### [ABOUT THIS EXERCISE]
Repeat all of the records exactly, leaving out the pictures.

Free-text object descriptions:
* * * * *
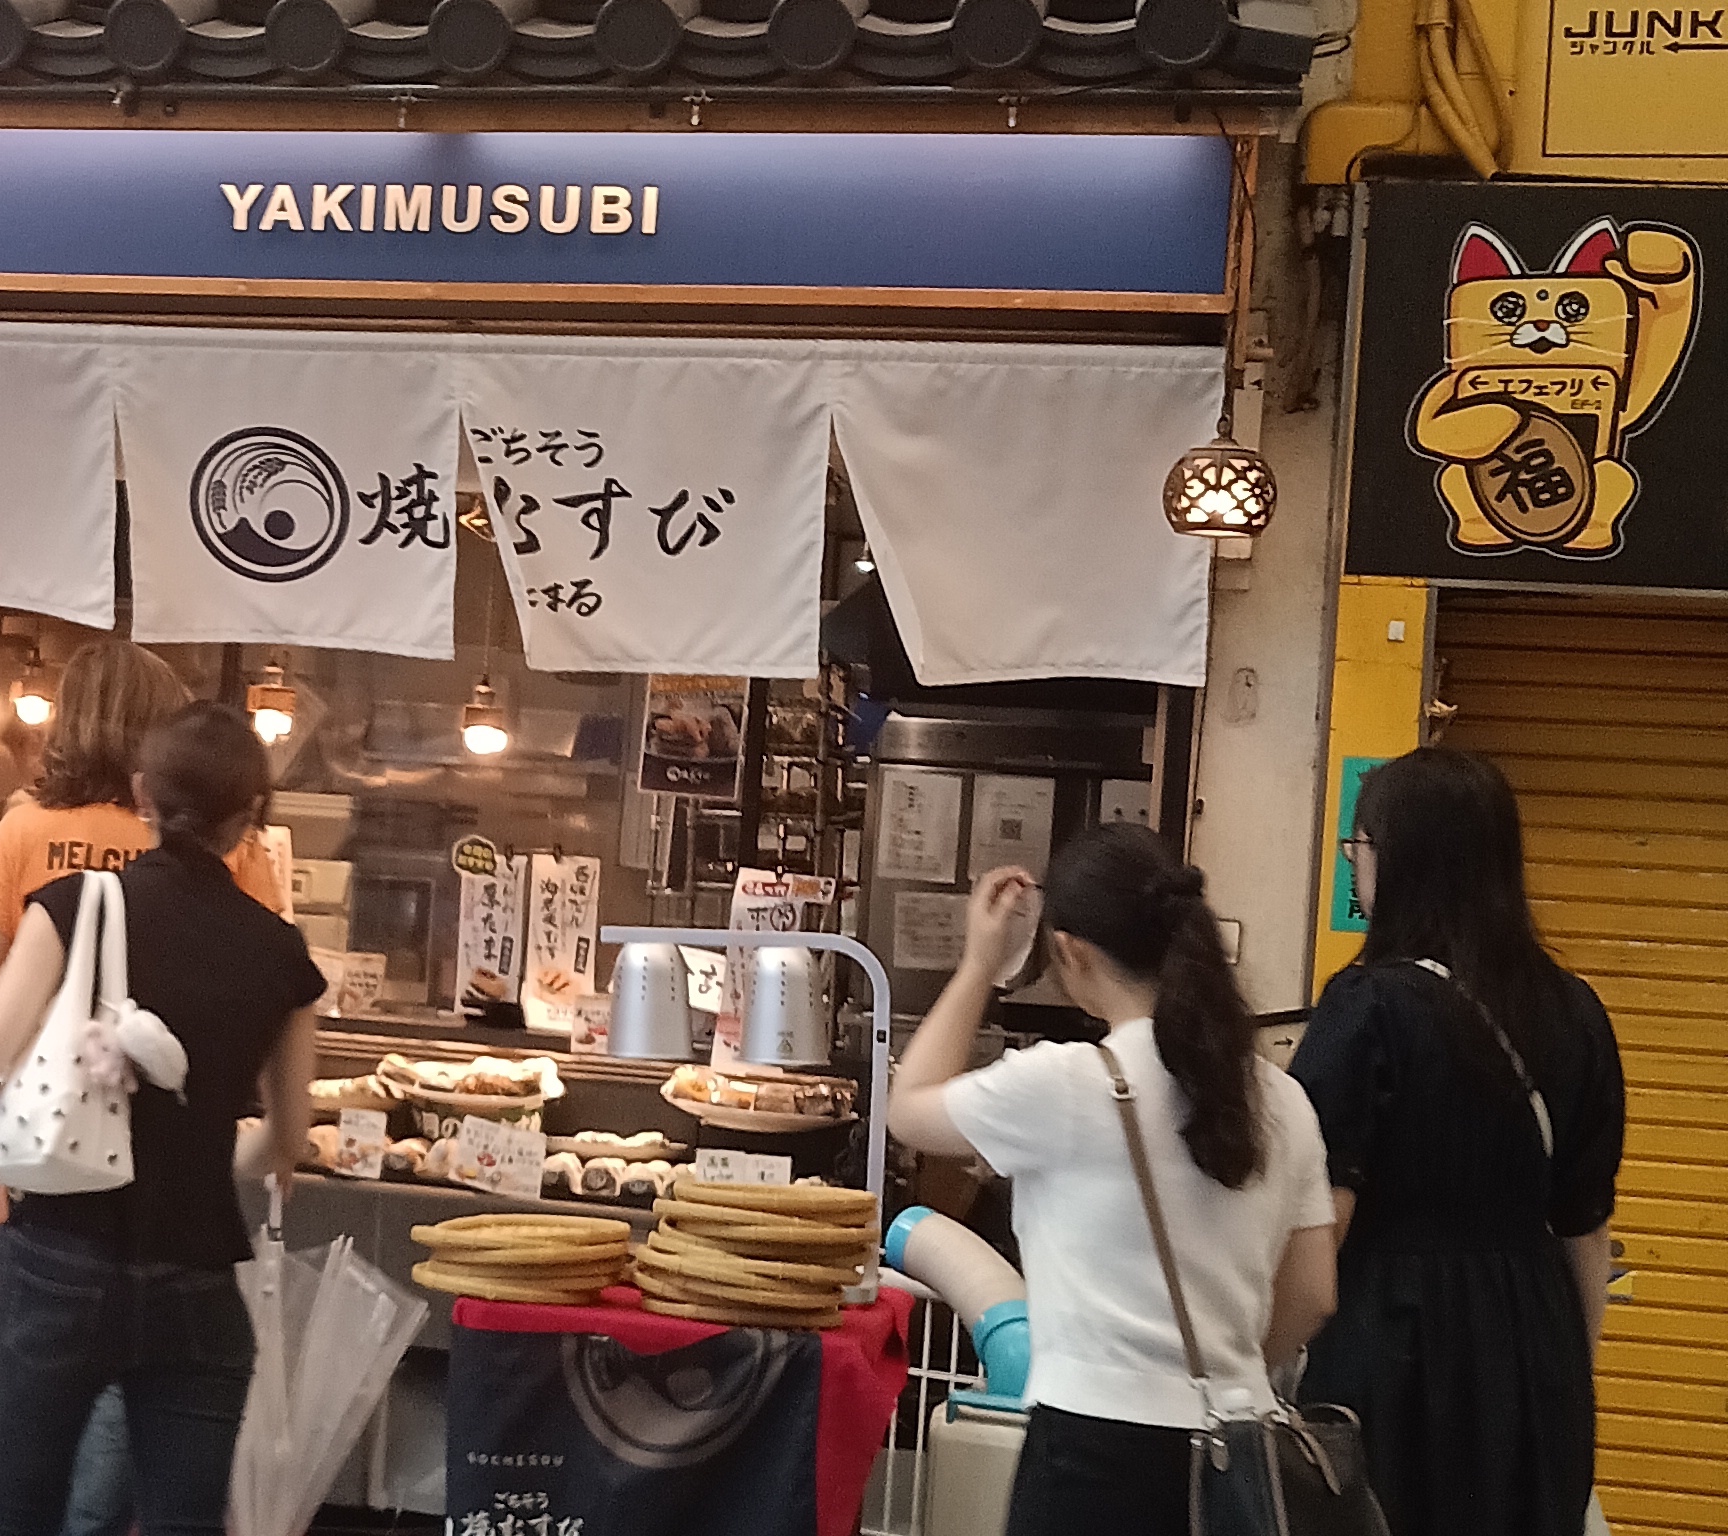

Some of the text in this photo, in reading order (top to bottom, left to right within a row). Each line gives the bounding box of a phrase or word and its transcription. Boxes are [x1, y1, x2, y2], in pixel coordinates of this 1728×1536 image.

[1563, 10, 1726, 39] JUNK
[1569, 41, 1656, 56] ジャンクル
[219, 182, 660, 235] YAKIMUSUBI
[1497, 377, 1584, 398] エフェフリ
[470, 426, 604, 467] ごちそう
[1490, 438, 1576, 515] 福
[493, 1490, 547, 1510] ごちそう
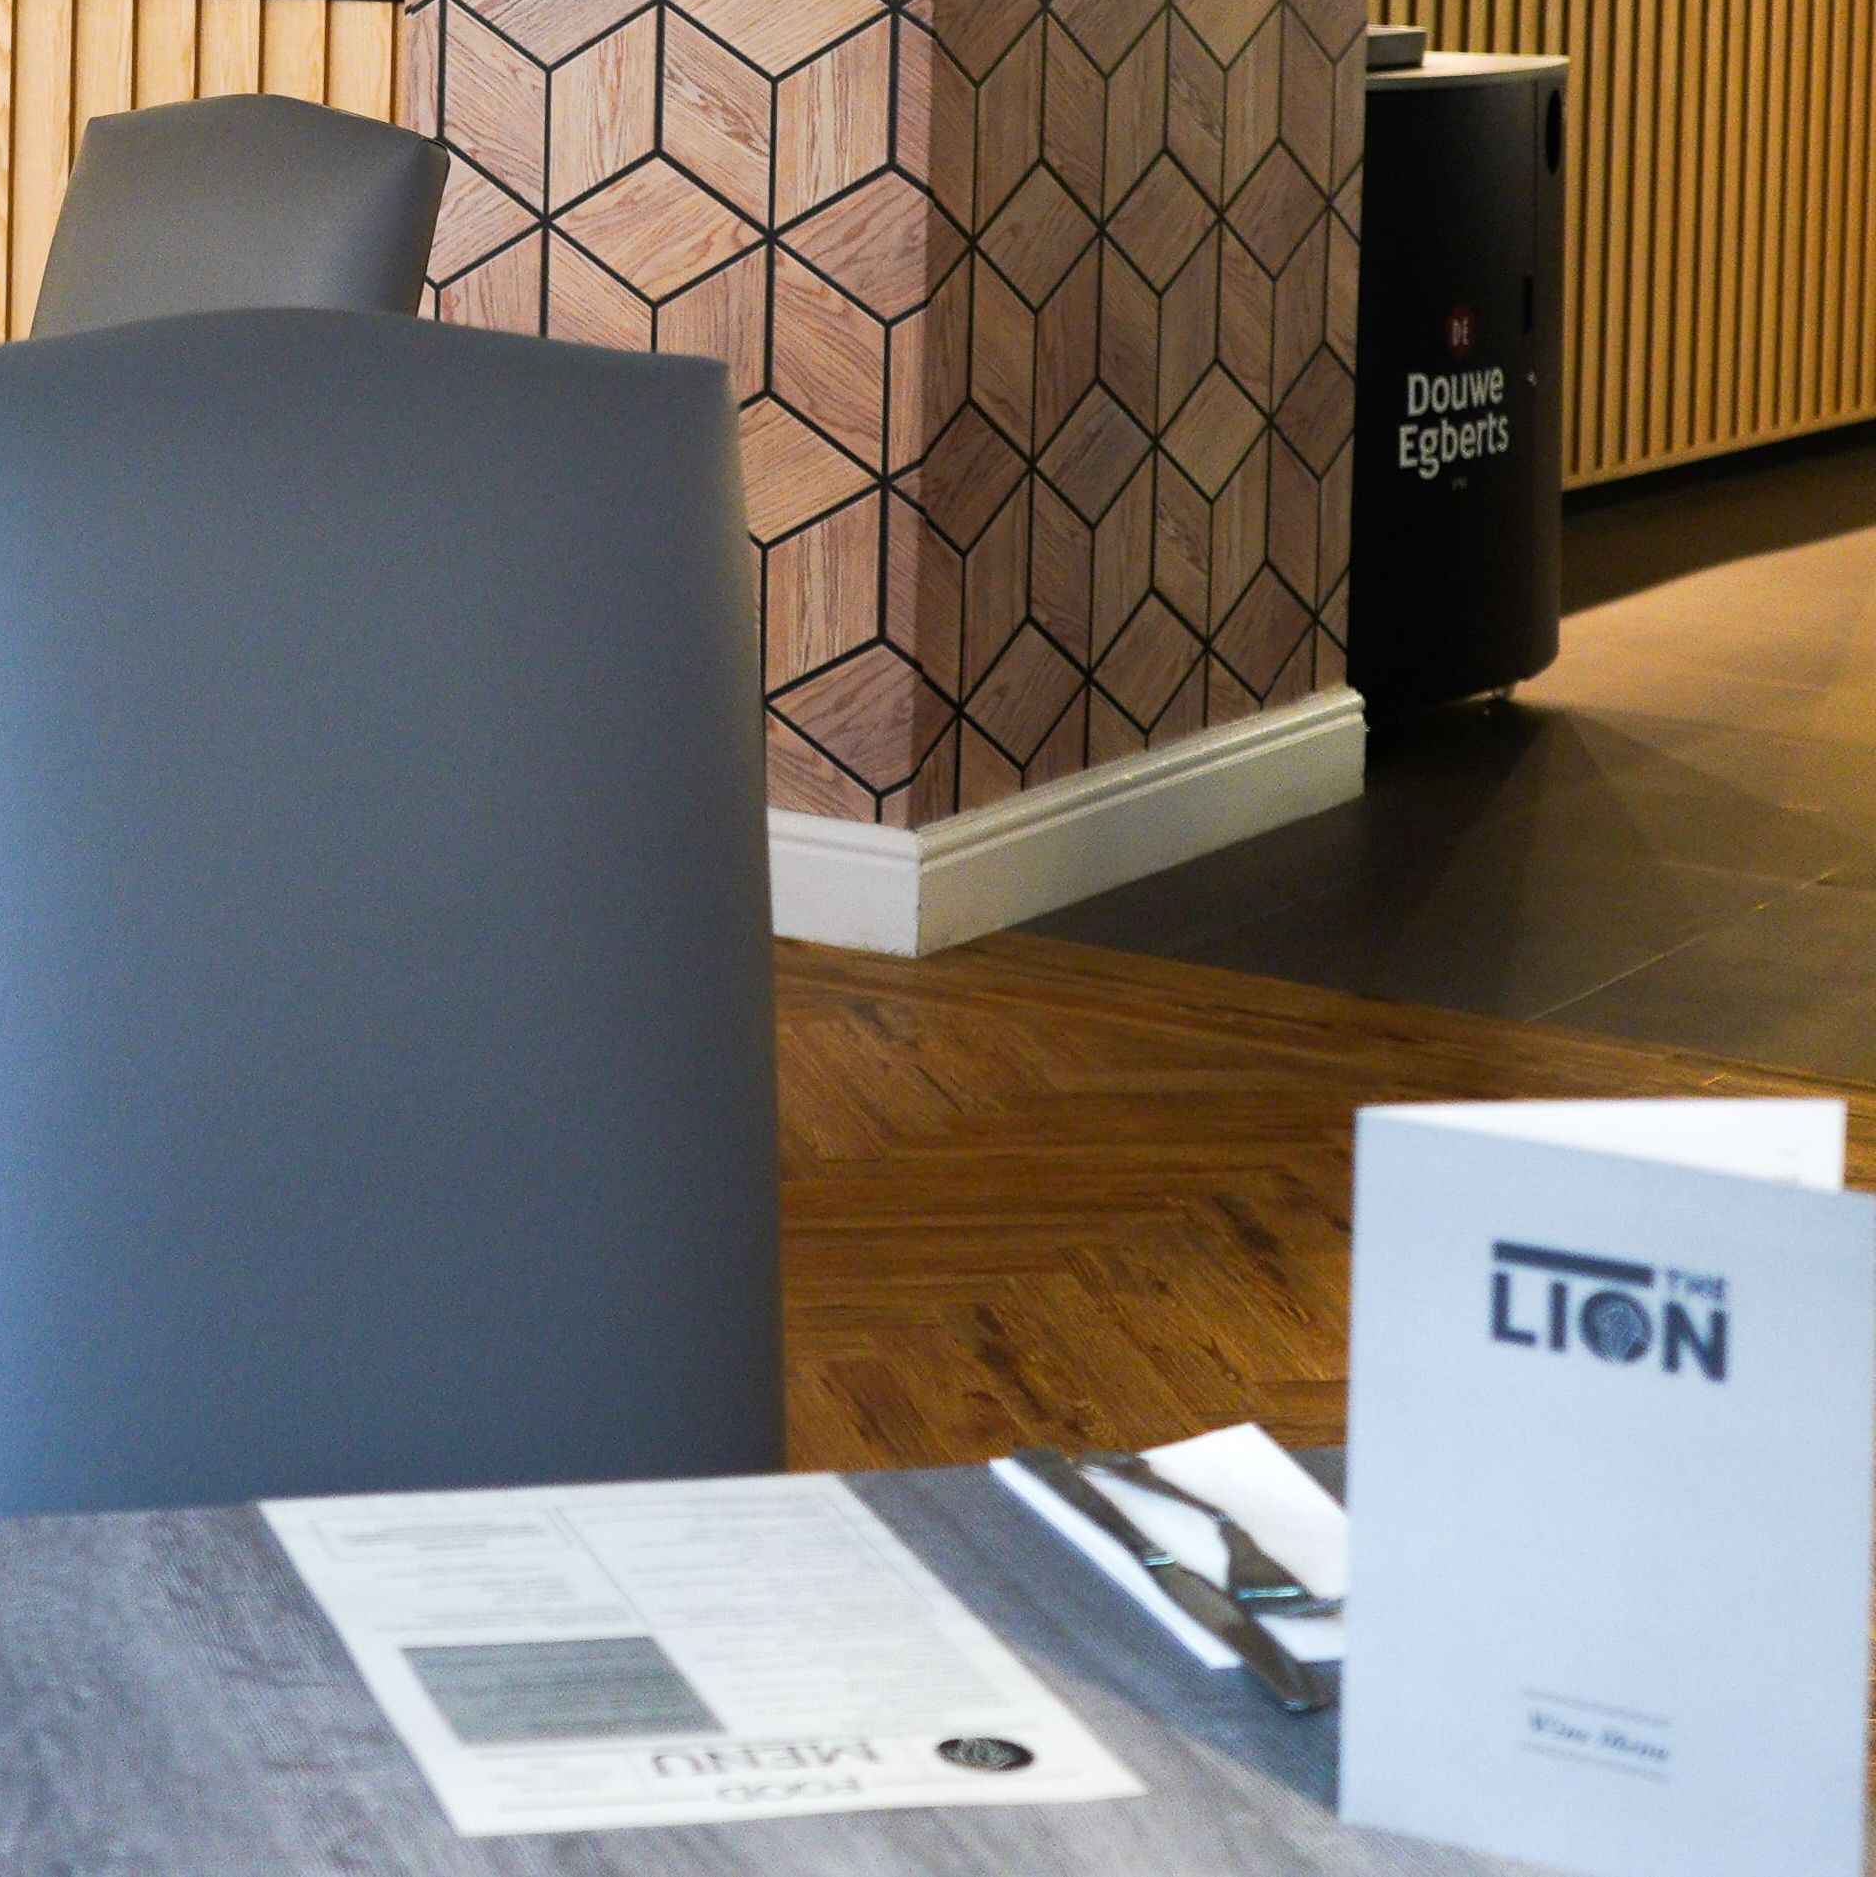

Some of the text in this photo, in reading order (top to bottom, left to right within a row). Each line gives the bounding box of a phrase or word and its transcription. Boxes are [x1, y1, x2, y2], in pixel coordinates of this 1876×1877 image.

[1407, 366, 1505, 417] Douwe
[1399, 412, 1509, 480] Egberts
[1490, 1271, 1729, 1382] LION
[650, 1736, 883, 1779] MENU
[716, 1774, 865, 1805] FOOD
* * * * *
### [RESULT FOR THIS EXERCISE]
Some of the text in this photo, in reading order (top to bottom, left to right within a row). Each line gives the bounding box of a phrase or word and its transcription. Boxes are [x1, y1, x2, y2], in pixel coordinates of this 1728×1536 image.

[1563, 10, 1726, 39] JUNK
[1569, 41, 1656, 56] ジャンクル
[219, 182, 660, 235] YAKIMUSUBI
[1497, 377, 1584, 398] エフェフリ
[470, 426, 604, 467] ごちそう
[1490, 438, 1576, 515] 福
[493, 1490, 547, 1510] ごちそう

Some of the text in this photo, in reading order (top to bottom, left to right within a row). Each line gives the bounding box of a phrase or word and its transcription. Boxes are [x1, y1, x2, y2], in pixel coordinates of this 1876×1877 image.

[1407, 366, 1505, 417] Douwe
[1399, 412, 1509, 480] Egberts
[1490, 1271, 1729, 1382] LION
[650, 1736, 883, 1779] MENU
[716, 1774, 865, 1805] FOOD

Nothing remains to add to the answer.